Acute respiratory illness due to bocavirus should be managed in a manner similar to most other viral respiratory infections.

  • No antiviral medication is known to affect human bocavirus, and none has been proven to be of any clinical benefit.

  • Symptomatic care is the mainstay of treatment.

  • Supplemental oxygen may be required for serious infections that lead to pneumonia.

  • Wheezing may be treated with bronchodilators. However, for wheezing episodes due to bronchiolitis in patients with respiratory syncytial virus infection, bronchodilators are of minimal benefit. The same may be true for human bocavirus; however, a therapeutic trial should probably be considered if the patient is in respiratory distress.

Acute gastroenteritis due to HBoV2 should be managed as with other viral gastrointestinal infections.
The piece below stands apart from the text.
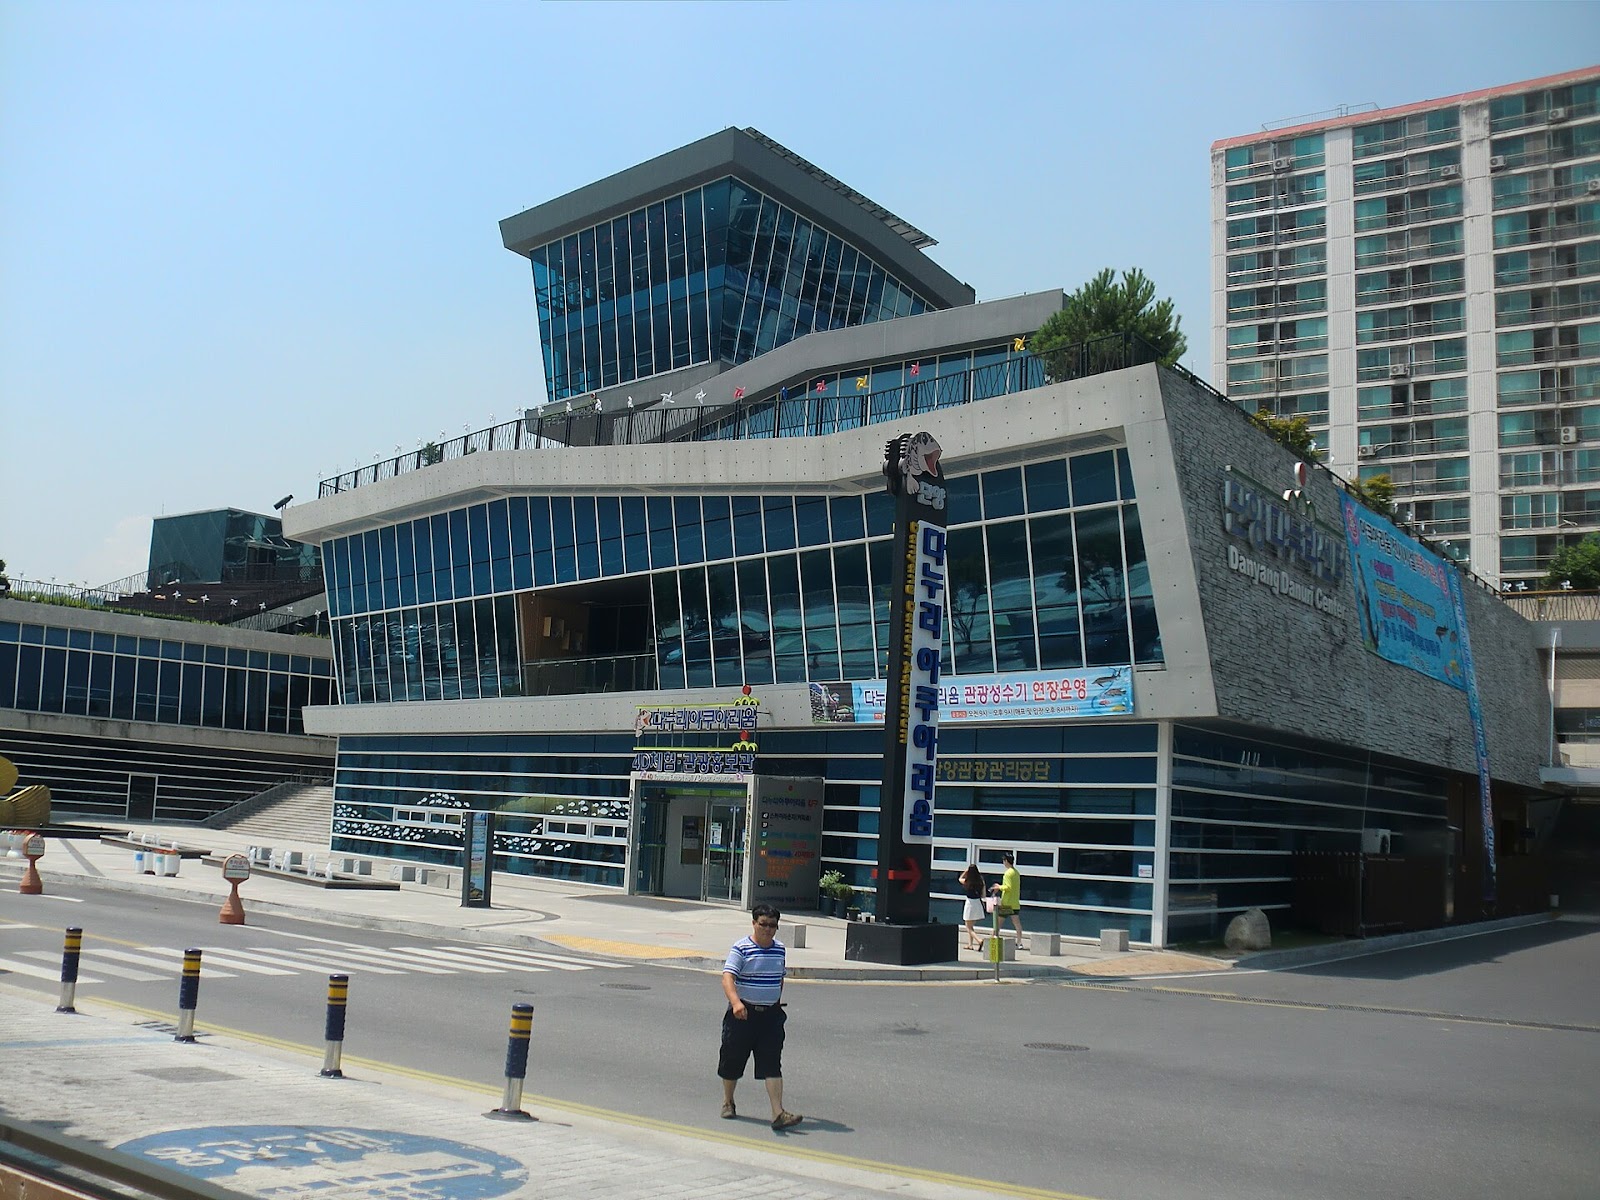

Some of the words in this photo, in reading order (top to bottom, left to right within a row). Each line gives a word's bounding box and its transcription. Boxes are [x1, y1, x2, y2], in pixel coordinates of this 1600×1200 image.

  • Replacement of fluid losses, both acute and ongoing

  • Management of any electrolyte disturbances, such as sodium or potassium



Medication Summary

No medication is known to be effective in the treatment of human bocavirus infection. Treatment is largely supportive, as is the case with other viral respiratory infections.




No evidence suggests that human bocavirus contributes to a particular clinical outcome that requires additional therapy.